(Data items)
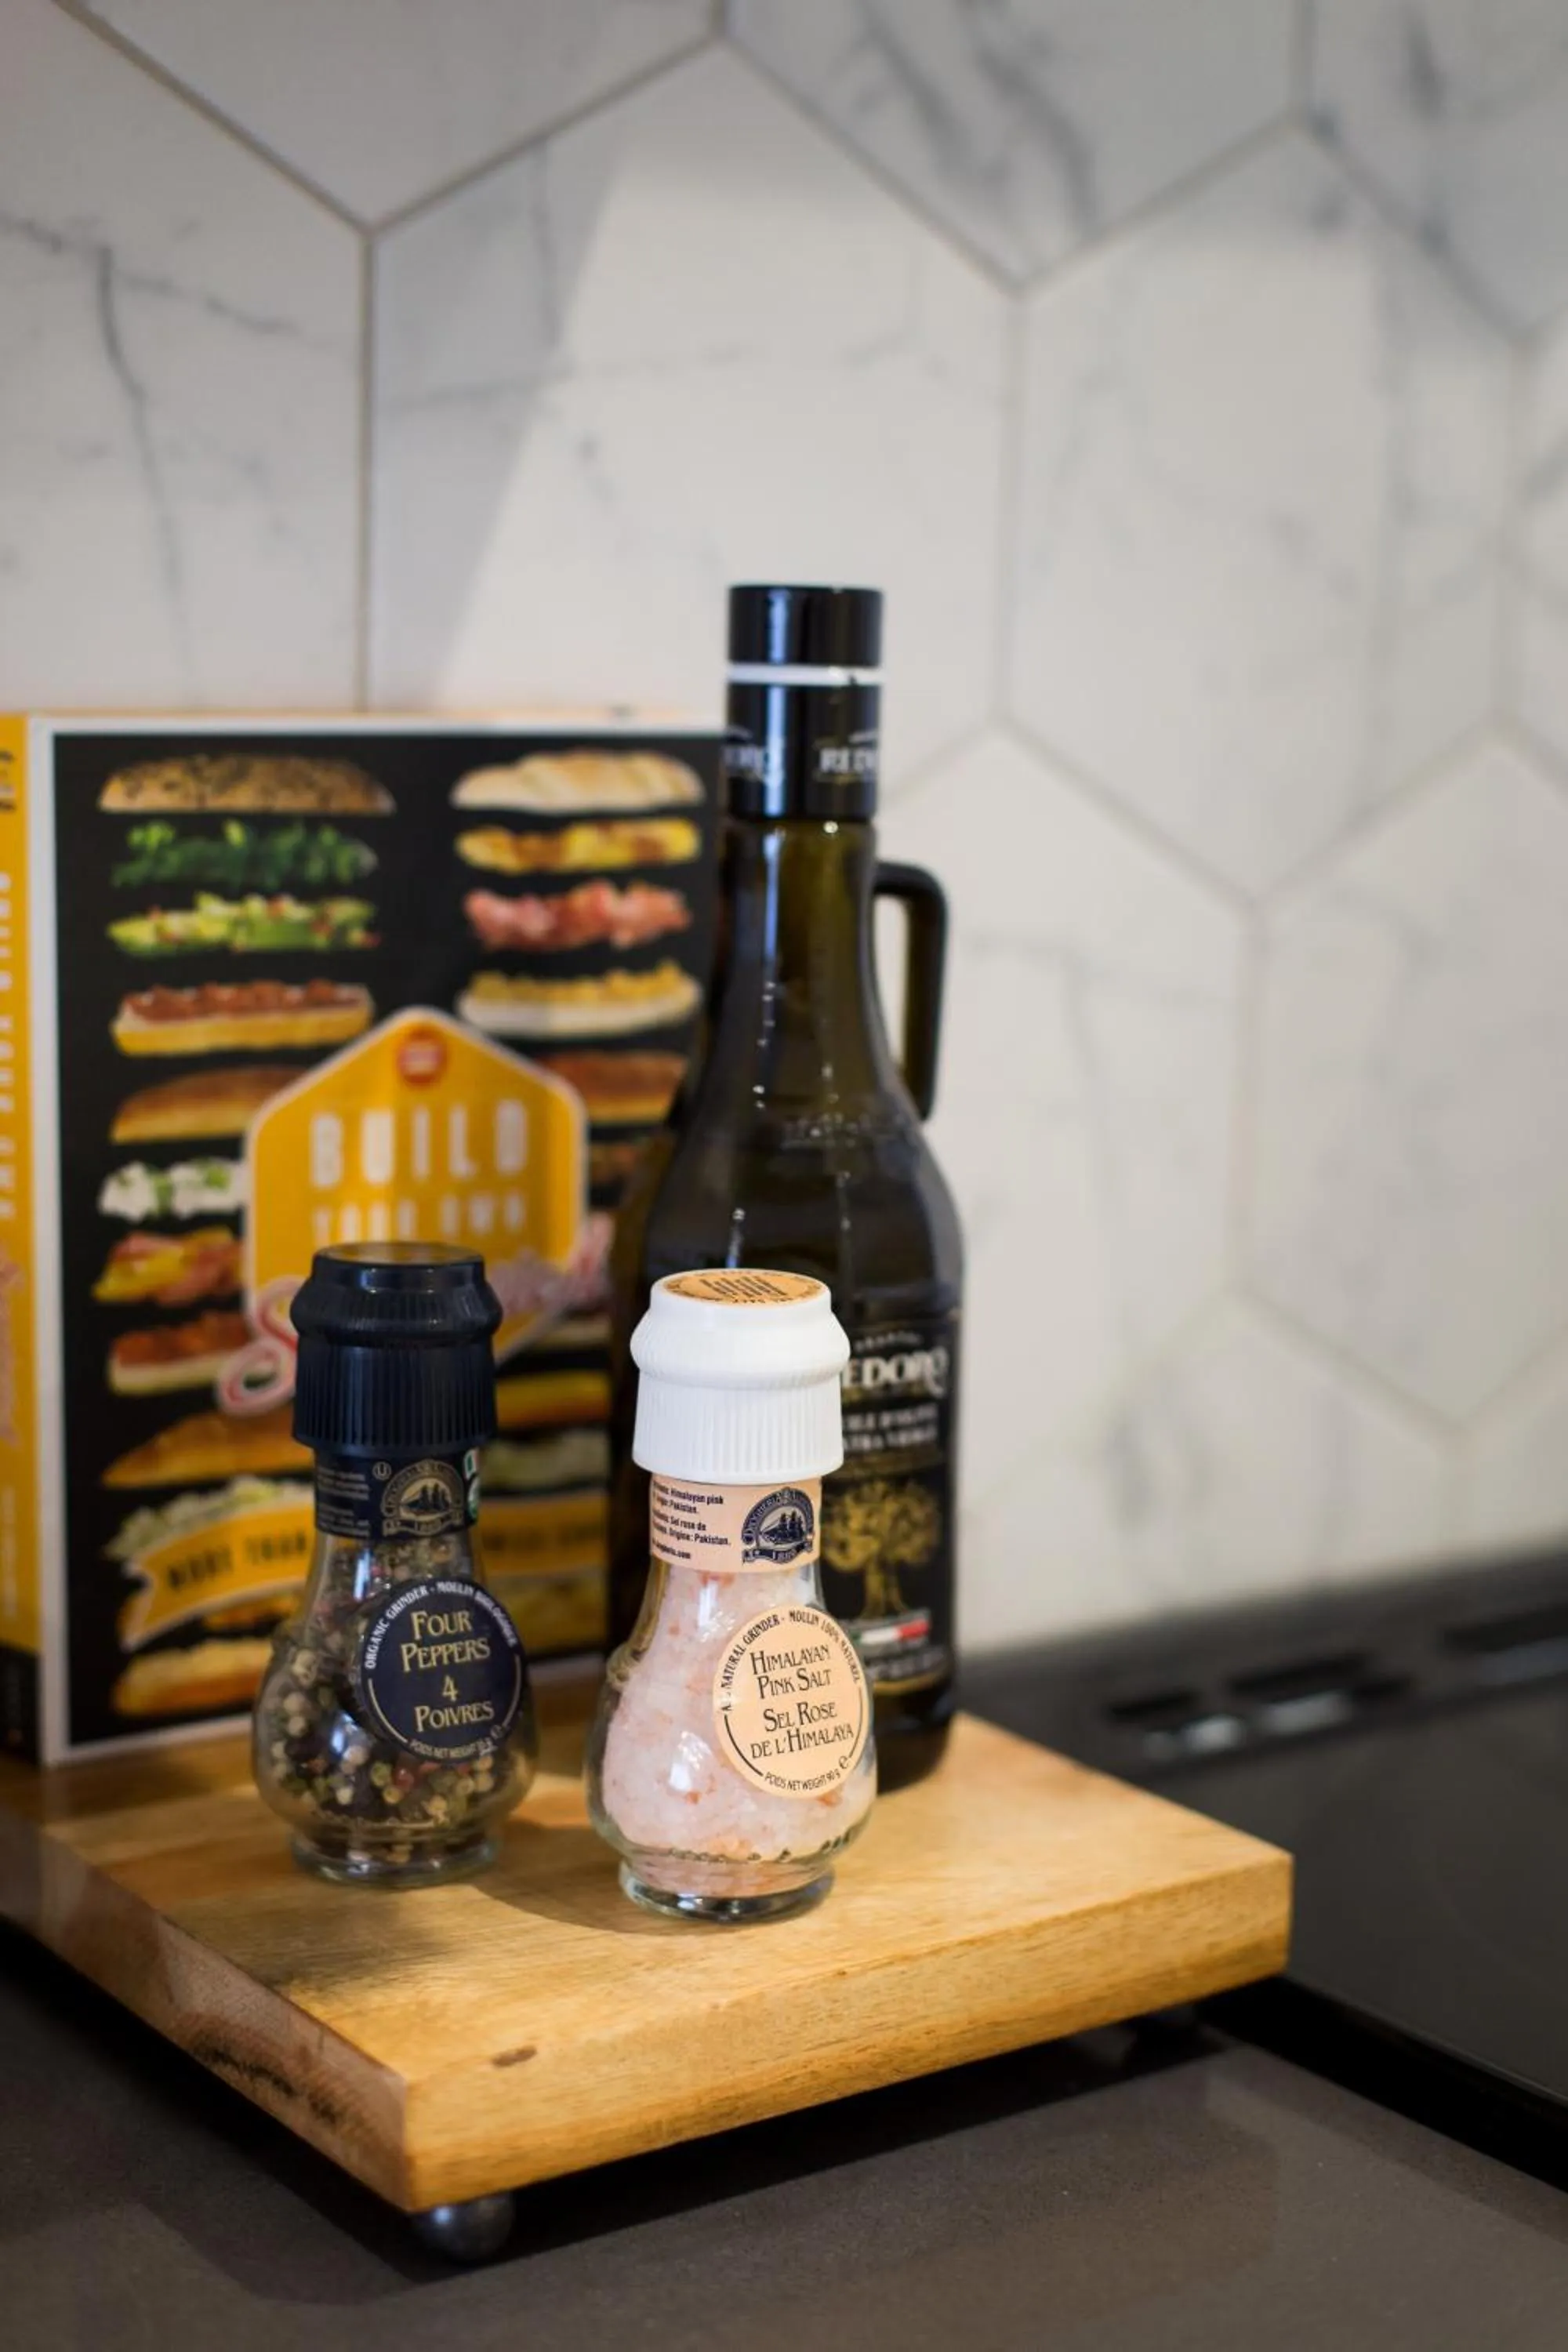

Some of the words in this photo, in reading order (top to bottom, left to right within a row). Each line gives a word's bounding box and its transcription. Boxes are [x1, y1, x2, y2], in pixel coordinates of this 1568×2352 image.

[310, 1099, 528, 1189] BUILD
[365, 1618, 390, 1670] ORGANIC
[385, 1584, 429, 1620] GRINDER
[437, 1581, 474, 1597] MOULIN
[411, 1610, 473, 1641] FOUR
[401, 1637, 492, 1672] PEPPERS
[720, 1644, 747, 1690] NATURAL
[743, 1613, 781, 1645] GRINDER
[789, 1610, 820, 1627] MOULIN
[750, 1644, 831, 1675] HIMALAYAN
[441, 1675, 459, 1702] 4
[757, 1675, 799, 1699] PINK
[797, 1668, 833, 1691] SALT
[414, 1700, 495, 1733] POIVRES
[763, 1708, 795, 1732] SEL
[797, 1700, 838, 1726] ROSE
[750, 1740, 772, 1759] DE
[764, 1771, 786, 1790] POIDS
[786, 1780, 801, 1791] NET
[802, 1775, 827, 1791] WEIGHT

▶ **Required action**:
The entries are to be written out again exactly, though without any images.

▶ **Exercise result**:
Some of the words in this photo, in reading order (top to bottom, left to right within a row). Each line gives a word's bounding box and its transcription. Boxes are [x1, y1, x2, y2], in pixel coordinates of this 1568×2352 image.

[310, 1099, 528, 1189] BUILD
[365, 1618, 390, 1670] ORGANIC
[385, 1584, 429, 1620] GRINDER
[437, 1581, 474, 1597] MOULIN
[411, 1610, 473, 1641] FOUR
[401, 1637, 492, 1672] PEPPERS
[720, 1644, 747, 1690] NATURAL
[743, 1613, 781, 1645] GRINDER
[789, 1610, 820, 1627] MOULIN
[750, 1644, 831, 1675] HIMALAYAN
[441, 1675, 459, 1702] 4
[757, 1675, 799, 1699] PINK
[797, 1668, 833, 1691] SALT
[414, 1700, 495, 1733] POIVRES
[763, 1708, 795, 1732] SEL
[797, 1700, 838, 1726] ROSE
[750, 1740, 772, 1759] DE
[764, 1771, 786, 1790] POIDS
[786, 1780, 801, 1791] NET
[802, 1775, 827, 1791] WEIGHT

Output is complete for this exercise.